Partially-Screened Field Effect and Selective Carrier Injection at Organic Semiconductor/Graphene Heterointerface
(collaboration with Prof. Chih-Jen Shih, ETH)
Due to the lack of a bandgap, applications of graphene require special device structures and engineering strategies to enable semiconducting characteristics at room temperature. To this end, graphene-based vertical field-effect transistors (VFETs) are emerging as one of the most promising candidates. Here, we report the first experimental evidence that the partially screened field effect and selective carrier injection through graphene dominate the electronic transport at the organic semiconductor/graphene heterointerface.
(Nano Letters, 2015, 15, 7587–7595)
Oligosaccharide Carbohydrate Dielectrics toward
High-Performance Nonvolatile Transistor Memory
Oligosaccharides are one of the most promising biomaterials because they are abundant, renewable, diversified, and biosourced. The use of oligoor polysaccharides for high-performance nonvolatile organic field-effect transistor memory is demonstrated herein. The charge storage mechanism is attributed to charged hydroxyl groups that induce stronger hydrogen bonding, thus leading to the stabilization of trapped charges. This study reveals a promising future for green memory devices.
(Adv. Mater., 2015, 27, 6257-6264)
Impact of Polystyrene Oligomer Side Chains on Naphthalenediimide-Bithophene Polymers as N-type Semiconductors for Organic Field-Effect Transistors
Improved air stable n-type semiconducting property is observed in naphthalene diimide–bithiophene polymers by attaching polystyrene (PS) oligomer side chains. The PS side chains are attached to the conjugated backbone via a termination process of living anionic polymerization. The improved air stability is attributed to the covalently attached PS side chains potentially serving as a molecular encapsulation layer.
(Adv.

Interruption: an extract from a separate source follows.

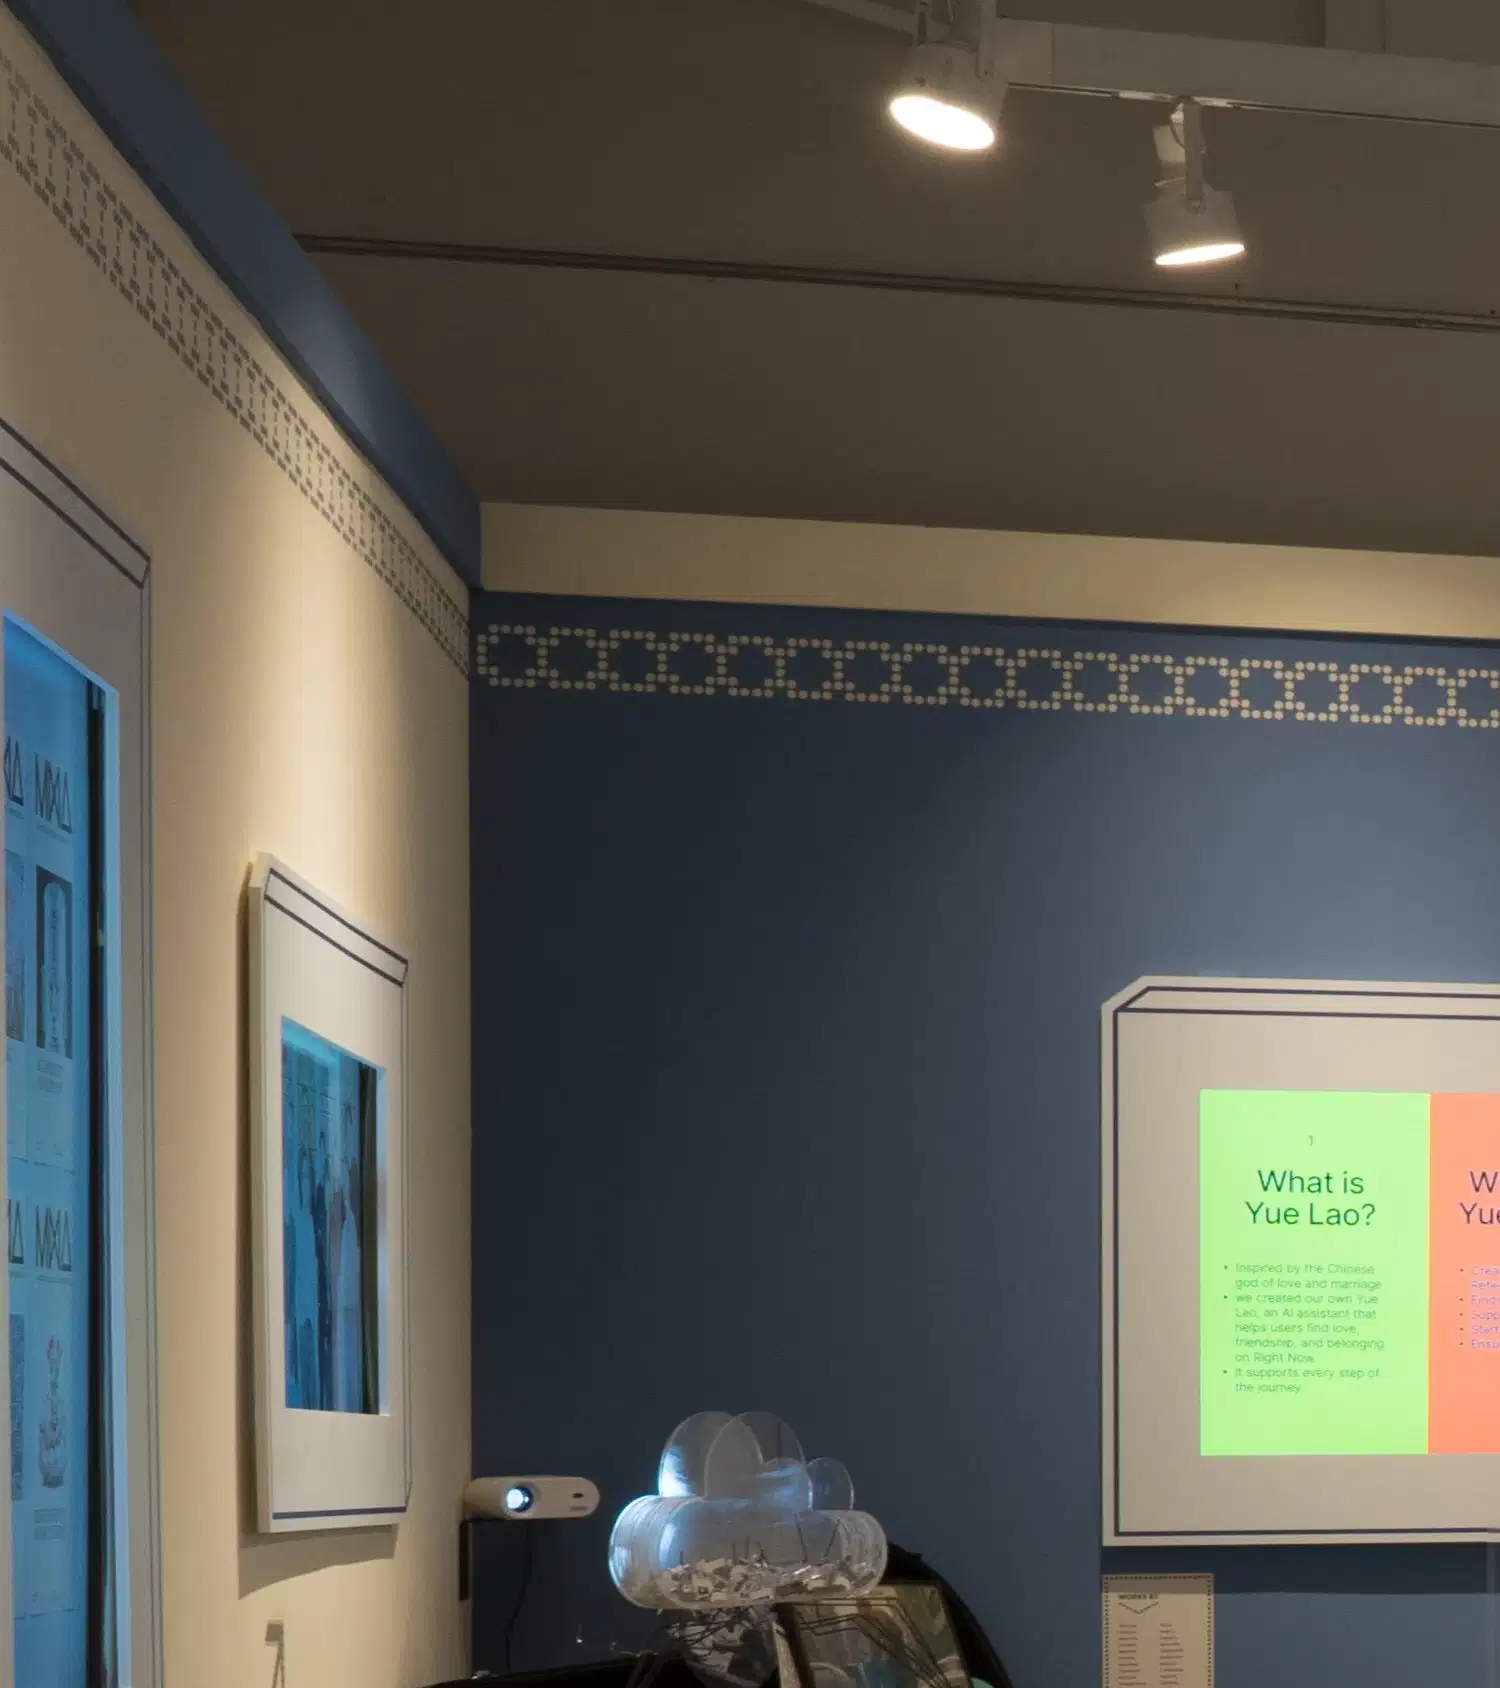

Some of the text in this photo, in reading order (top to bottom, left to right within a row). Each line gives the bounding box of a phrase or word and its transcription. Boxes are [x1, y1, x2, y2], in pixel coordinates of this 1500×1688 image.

[1257, 1169, 1364, 1194] What is
[1245, 1201, 1376, 1226] Yue Lao?

Funct. Mater., 2016, ASAP)
High-Performance Nonvolatile Transistor Memories Using the Green Electrets of Sugar-based Block Copolymers and Their Supramolecules
Sugar-based block copolymers, maltoheptaose-block-polystyrene (MH-b-PS), and their supramolecules are employed as electrets toward a highperformance organic field-effect transistor (OFET) memory, where the morphological transformation of polyhydroxylated MH cylinders surrounded by the PS matrix dominate the electrical switching characteristics of the OFET memory.
(Adv. Funct. Mater., 2014, 24, 4240-4249.)
Conjugated Polymer Nanoparticles as Nano Floating Gate Electrets for Charge-Storage Materials
(collcollaboration with Dr. Chien-Chung Shih, NTU)
A molecular nano-floating gate approach using conjugated polymer nanoparticles is developed for achieving high performance charge-storage materials. Using discrete polyfluorene and poly(fluorene-alt-benzo[2,1,3]thiadiazole nanoparticles the floating gates in a transistor device can effectively capture the field-induced electrons and lead to a distinct memory behavior.
(Adv. Funct. Mater., 2015, 25, 1511-1519.)